「主人は亡くなってよかったと思う」と言う理由
退院後、肇さんは近所のホームに入所したが、亡くなるちょうど1週間前、傍らに奥村さんを呼び、こう言ったという。
「“お前と一緒になって幸せだったよ、ありがとう”って。そのあとに“お前は(90歳までベンチプレスを続けるという)目標を持ってやってきたんだから、その目標をケガをしないで達成してくれ”と。
まあ90歳は越えましたけど、それを守っているの、私」
2017年6月19日、夫・肇さん死去。奥村さんいわく、“文句も言わず仕事に励む職人気質の人”で、決して安くはない世界選手権への参加も快く許したばかりか、参加を後押しし、励まし続けた。
13年以上も前に交わした夫との約束を、今も守り続ける奥村さんは、最大の理解者の逝去を、この人らしいカラッとした口調で言う。
「ホームには3か月いました。私、主人は亡くなってよかったと思う。
それりゃ寂しいですよ。だけどね、今まで(ゴルフや筋トレに)動き回っていた人に寝ていろ、ジッとしていろというのは過酷でしょ? 自分のしたいことができないとしたら、かわいそうだと思うの。だから私は(3か月で亡くなってくれて)よかったと思っていますよ」
アンチ・ドーピングに関する専門知識を持つ薬剤師・スポーツファーマシストとして、4年ほど前から奥村さんの薬の服用と栄養指導を行っている鹿嶋市のさつき薬局本店の工藤仁一薬剤師(45)が言う。

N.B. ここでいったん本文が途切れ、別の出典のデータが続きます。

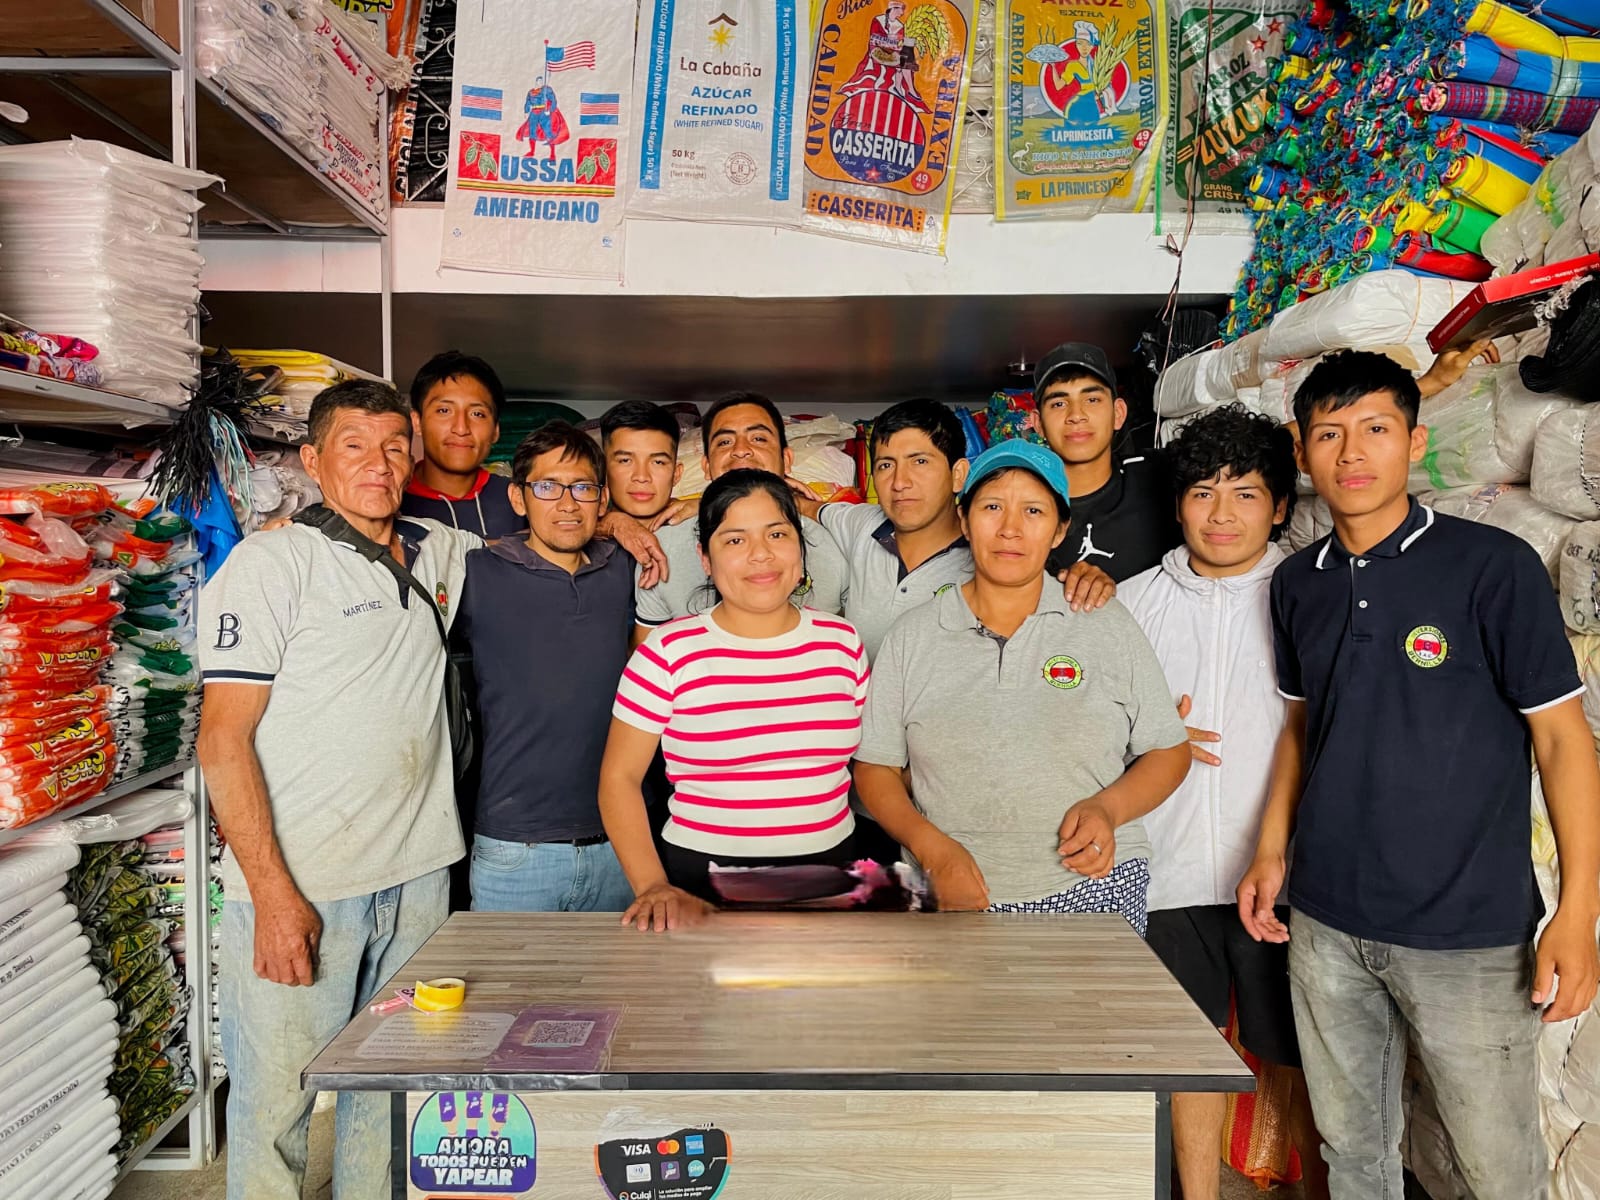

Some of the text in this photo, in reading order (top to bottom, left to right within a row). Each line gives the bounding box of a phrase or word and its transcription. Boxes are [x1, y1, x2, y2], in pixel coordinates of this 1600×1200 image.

「(ご主人を亡くして)元気がない時期は確かにありましたけど、はたから見ていてすごいなというぐらい、モチベーションの戻しが普通の人とは比べものにならないぐらい早かったですね。
これはダンナさんとの“俺のことはいいからやれ”という約束を守っているから。悲しさにかまけている場合じゃない、約束があるんだという思いから来るんだと、僕は理解しています」
前出の大谷さんは、もっとも身近に住む人の立場で、この友人の素顔を証言する。
「泣いた姿は見なかったけどしょんぼりとしていましたね。泣き顔は決して見せなかった。強い人なんです」
肇さんを失い、自身も脳梗塞を患うという逆風の中、2018年南アフリカの世界大会では見事、復活の金メダル。初の日本大会(成田市)だった2019年も優勝し、5個目の金メダルを獲得した。この間、50kgの日本記録と45kgの世界記録。そして非公認ながら、60kgを挙げることに成功している。